Miles acknowledged that a fourth term was a big ask for even the best-performed government. Why would he do better than Palaszczuk in seeking another go for Labor? He took his time to answer. “Well, that’s pretty hypothetical,” he said. “I didn’t choose for her to go.
“But … I wouldn’t have put my hand up if I didn’t think I had a chance of winning. That’s why I’m here. I think the best way to win will be to govern well for these next 10 months.”
Anthony Albanese, whom he knows well from their shared history on the Left, potentially has skin in this game. His government is next to face the voters, with national elections due by mid-2025. The Prime Minister must lift the federal ALP’s tally of five of 30 house seats in Queensland if he is to avoid minority government or losing to Peter Dutton; the last thing he wants is a Sunshine State that’s down on the Labor brand.

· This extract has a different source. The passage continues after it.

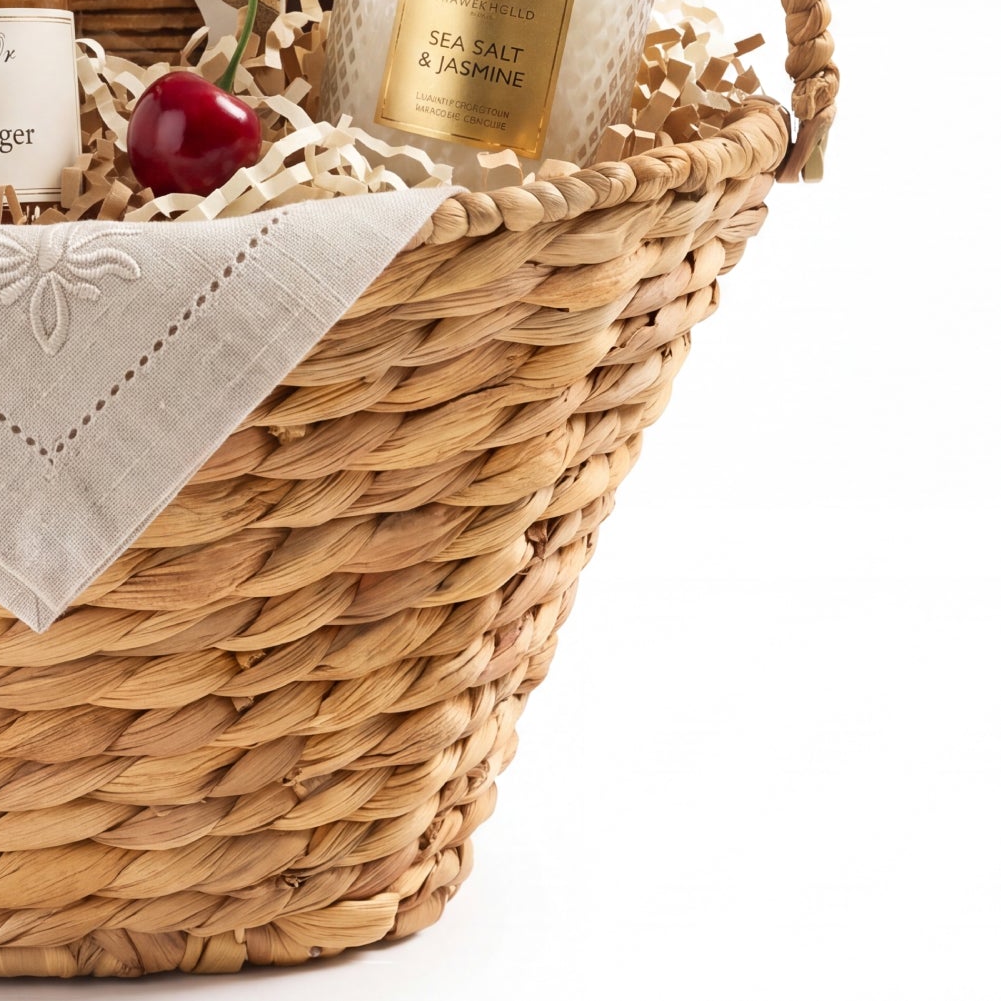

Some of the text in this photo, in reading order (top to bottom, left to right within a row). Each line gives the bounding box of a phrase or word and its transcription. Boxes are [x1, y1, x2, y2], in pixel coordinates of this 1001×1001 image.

[428, 30, 525, 64] SEA SALT
[418, 51, 526, 88] & JASMINE

“I’m really close to the Prime Minister. I think there’s a real chance for us to work together,” Miles said.
He sees his deep roots in the brick and tile sprawl of Brisbane’s outer north as an asset. Miles lives with wife, Kim, whom he met while they were both working for the Queensland Public Sector Union, and children Sam, 16, Aidan, 13, and Bridie, 9, in a subdivision at Mango Hill, an hour in peak-hour traffic from the “tower of power” at 1 William St.
Miles hopes to make his government a bridge between the inner-city and the suburbs and reconcile the competing interests that make Queensland’s voters among the most difficult in the nation to win over.